It wasn't so long ago that antibacterial products, from soaps to hand gels to wipes for your kitchen counter, became ubiquitous in our grocery stores and our daily lives. Not long afterwards, though, we started hearing reports that these products and their even more powerful cousins, antibiotic prescriptions, were actually doing more harm than good--by facilitating the evolution of bacterial resistance to antimicrobials. As it turns out, that may be just be one evolutionary side effect of exposing bacteria to strongly selective anthropogenic pressures. An even more fundamentally important one is the ability to evolve rapidly, quickly incorporating genetic changes in order to display a different phenotype--in this case, increased or more comprehensive robustness in the face of antimicrobial treatments. This means that our struggles to deal with antibiotic-resistant strains, such as the dreaded methicillin-resistant Stapholococcus aureus (MRSA), are only just the tip of the iceberg.

(Methicillin-resistant Stapholococcus aureus, otherwise known as MRSA)

The question of whether humans are increasing bacterial "evolvability" is addressed by two Australian researchers in a review article published in the latest issue of Trends in Ecology and Evolution. They define "evolvability" as "an increased potential for evolution," which can be driven by characteristics such as basal mutation rate, recombination rates, protection against the incorporation of foreign DNA into the genome, and propensity for lateral gene transfer (or acquiring genes from a source other than a "parent"). All of these traits "affect the rate at which genetic variation can be generated"--and some of this variation could very well confer resistance.

Interestingly, many antibiotics were originally isolated from soil bacteria, which probably developed these compounds for use in signalling or competition with neighbors.

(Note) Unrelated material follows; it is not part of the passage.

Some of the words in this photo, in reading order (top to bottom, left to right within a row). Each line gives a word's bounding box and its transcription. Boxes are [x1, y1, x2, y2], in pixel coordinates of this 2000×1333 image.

For cells to survive in these potentially toxic environments, they had to evolve resistance genes alongside those producing poison, and so the terrestrial environment is probably already teeming with genetic elements offering protection from various man-made drugs. Once our antibiotic runoff reaches these environments, bacteria without the genes die off, while those with them will survive, passing on the resistance not only to their "offspring" but also, potentially, to their neighbors. Cells with higher levels of evolvability will become resistant more quickly; in other words, exposure to antibiotics leads not only to the selection of resistance, but also of the ability to develop it. This process works so well that the number of antibiotic-resistant genetic elements has increased significantly over the years. Many such elements are located in wild animals or environments not directly exposed to antibiotics, strongly suggesting that resistance has spread along a bacterial supply chain that begins in anthropogenic environments and extends even into those otherwise considered "pristine."

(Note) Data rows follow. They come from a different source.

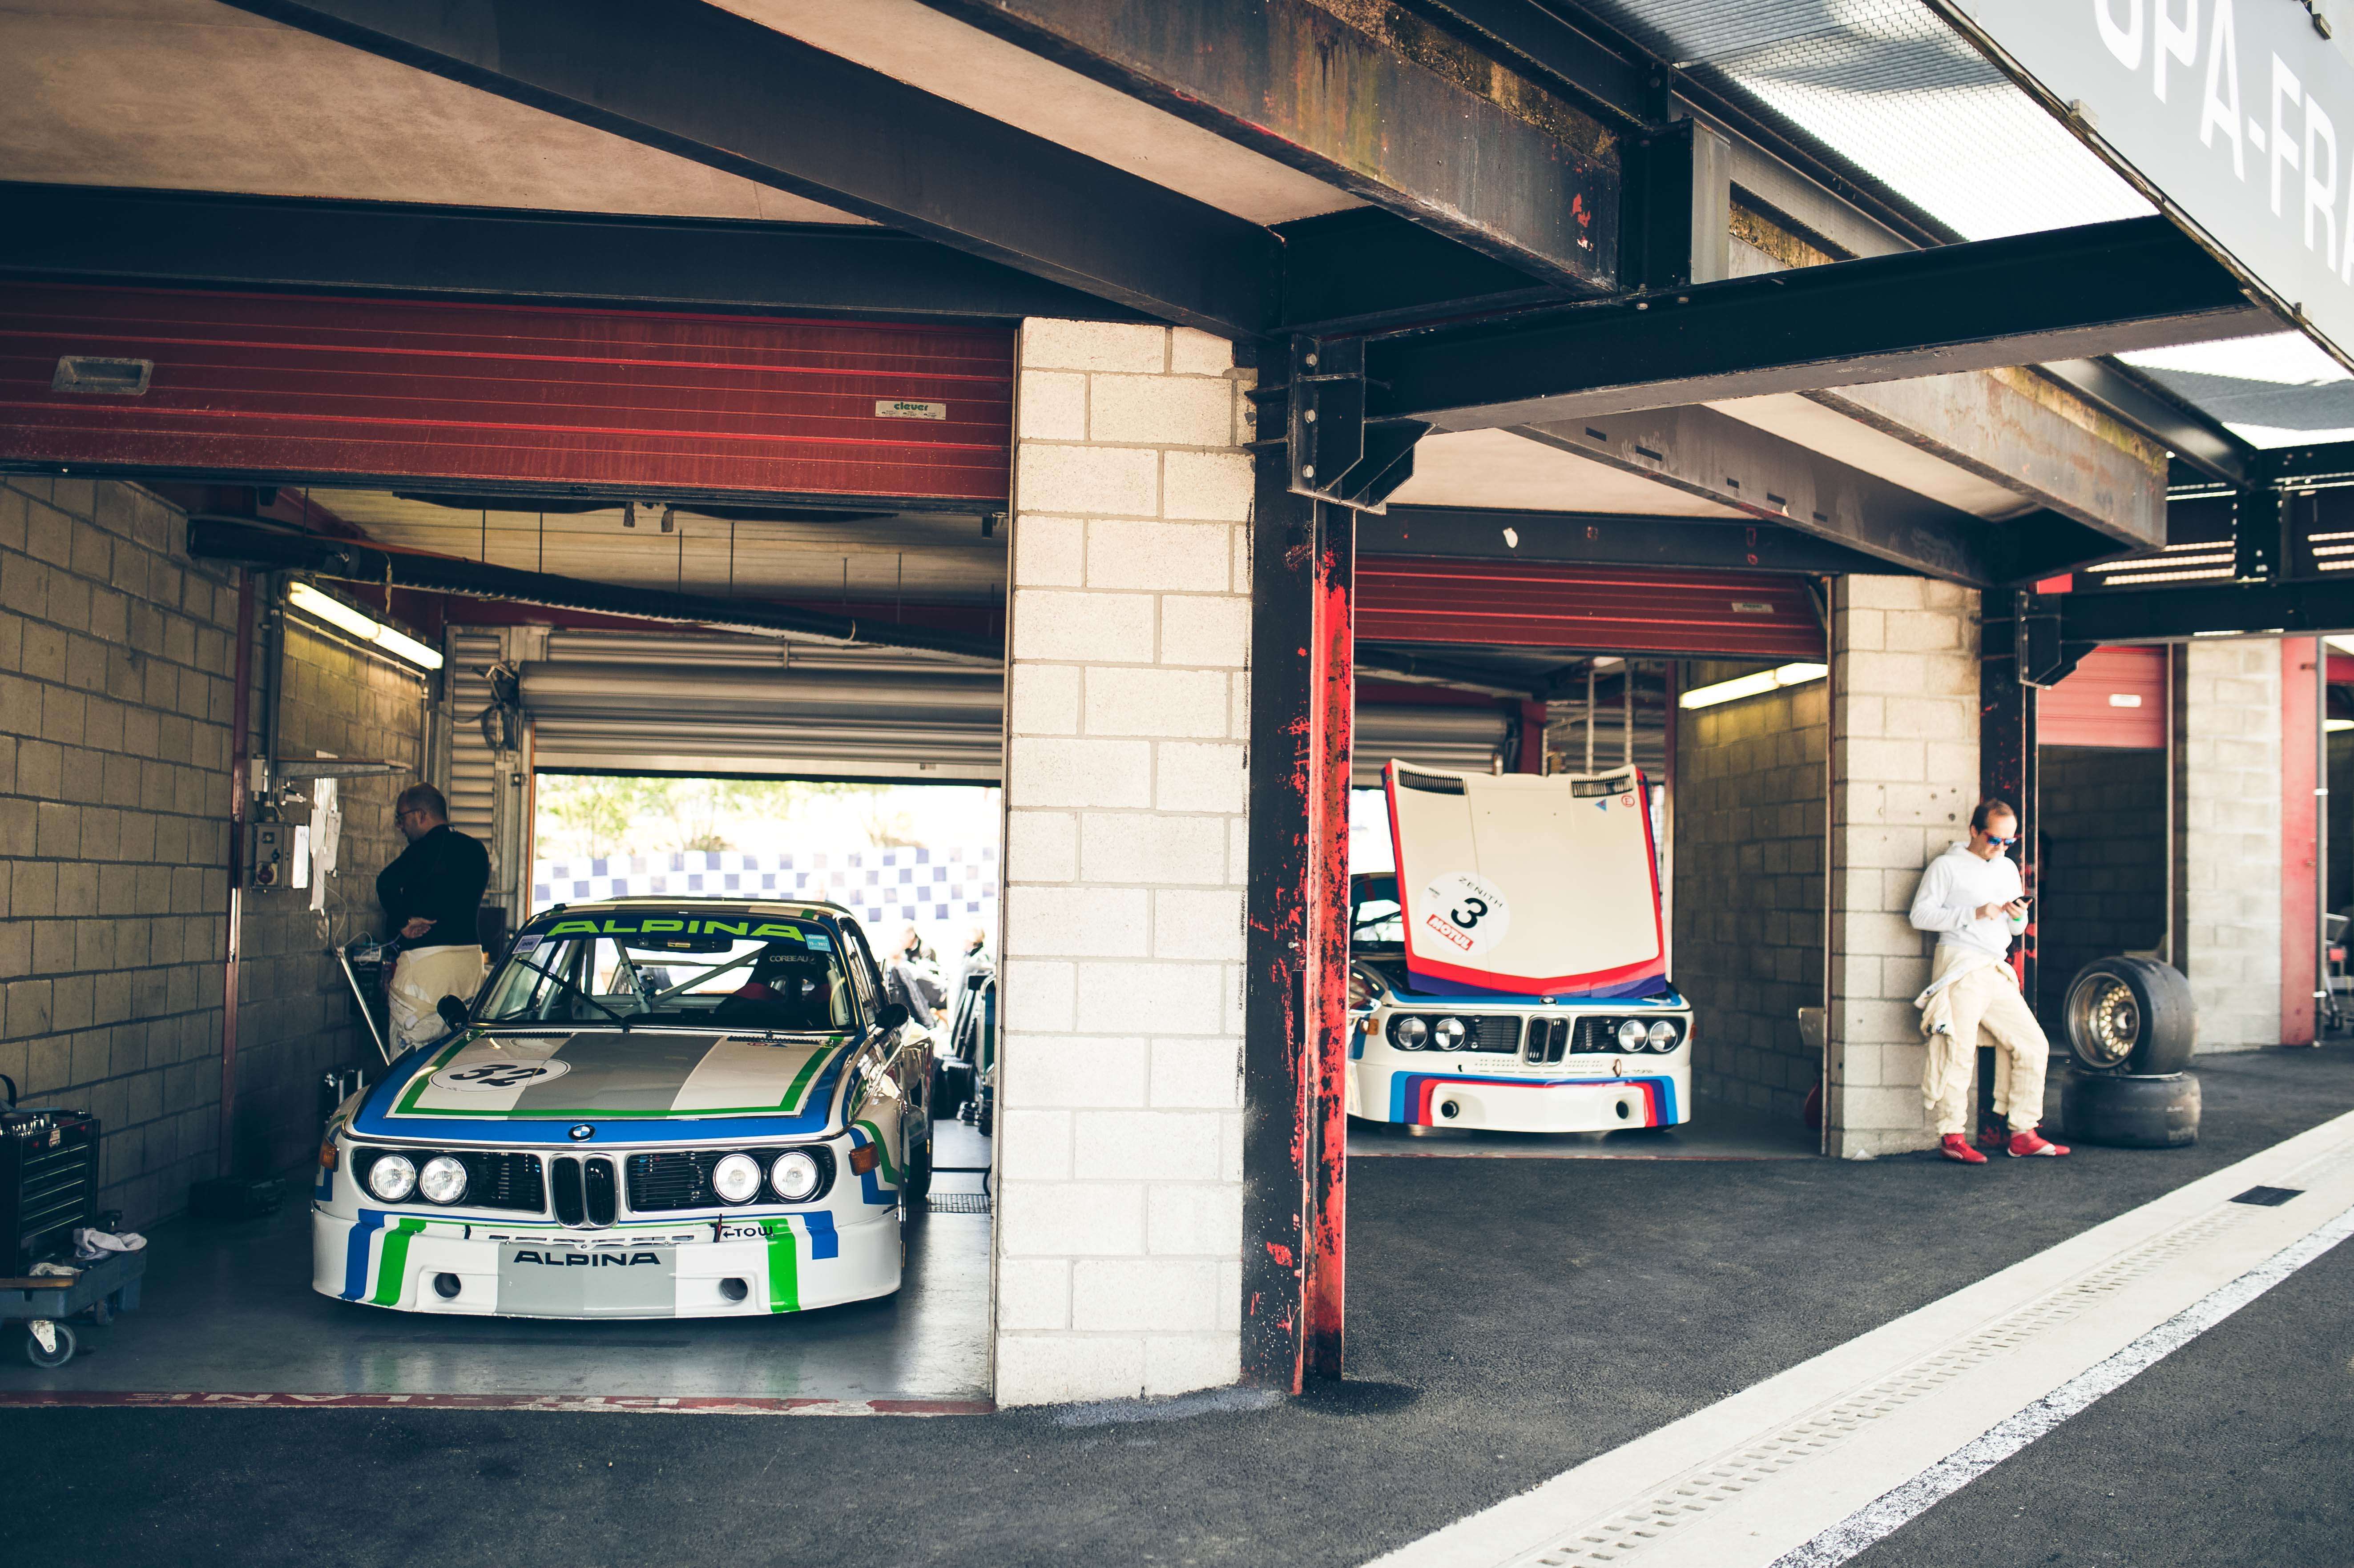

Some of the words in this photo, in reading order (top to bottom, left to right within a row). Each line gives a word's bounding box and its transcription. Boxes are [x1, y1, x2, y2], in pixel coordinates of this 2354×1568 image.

[894, 402, 928, 411] clever
[1459, 876, 1503, 908] ZENITH
[1451, 897, 1488, 929] 3
[545, 920, 805, 942] ALPINA
[1428, 917, 1471, 950] MOTUL
[449, 1064, 548, 1086] 32
[734, 1226, 773, 1237] TOW
[513, 1250, 661, 1266] ALPINA

The authors point out that evolvability is not always a useful characteristic for bacteria to possess. For instance, while some mutations can be advantageous, others can impair functionality or even remove it altogether; likewise, incorporation of DNA from an unrelated bacterium might result in the transcription of a useful protein, but it also could generate something that is ultimately toxic. Thus, we should expect evolvability to be high only in systems where it's a gamble that, more often than not, pays off. This describes the current state of affairs in both terrestrial and aquatic ecosystems, into which humans dump vast quantities of antibiotics each year--especially in the form of waste water. The exact amounts are difficult to measure, but are likely to be large if they are even a small portion of the millions of metric tons produced annually.

(Acinetobacter baumannii, a gram-negative bacterium that is sometimes known as "Iraqibacter" because of its prevalence among US soldiers wounded to Iraq.)

One particularly frightening aspect of the spread of resistance is how it can often involve whole suites of genes rather than just one. Acinetobacter baumannii, for instance, now possesses a "resistance island" containing 45 genes for antibiotic/antimicrobial resistance, as well as resistance to heavy metals such as mercury and arsenic. As a result, A. baumannii infections have become a much greater threat to human health over the last several decades; additionally, these bacteria have given rise to a number of new hybrids and variants that are also likely to cause trouble in the future. Indeed, higher levels of evolvability are likely not only to increase the threat from current pathogens, but also "stimulate the emergence of new disease agents" from organisms that used to be our friendly neighbors.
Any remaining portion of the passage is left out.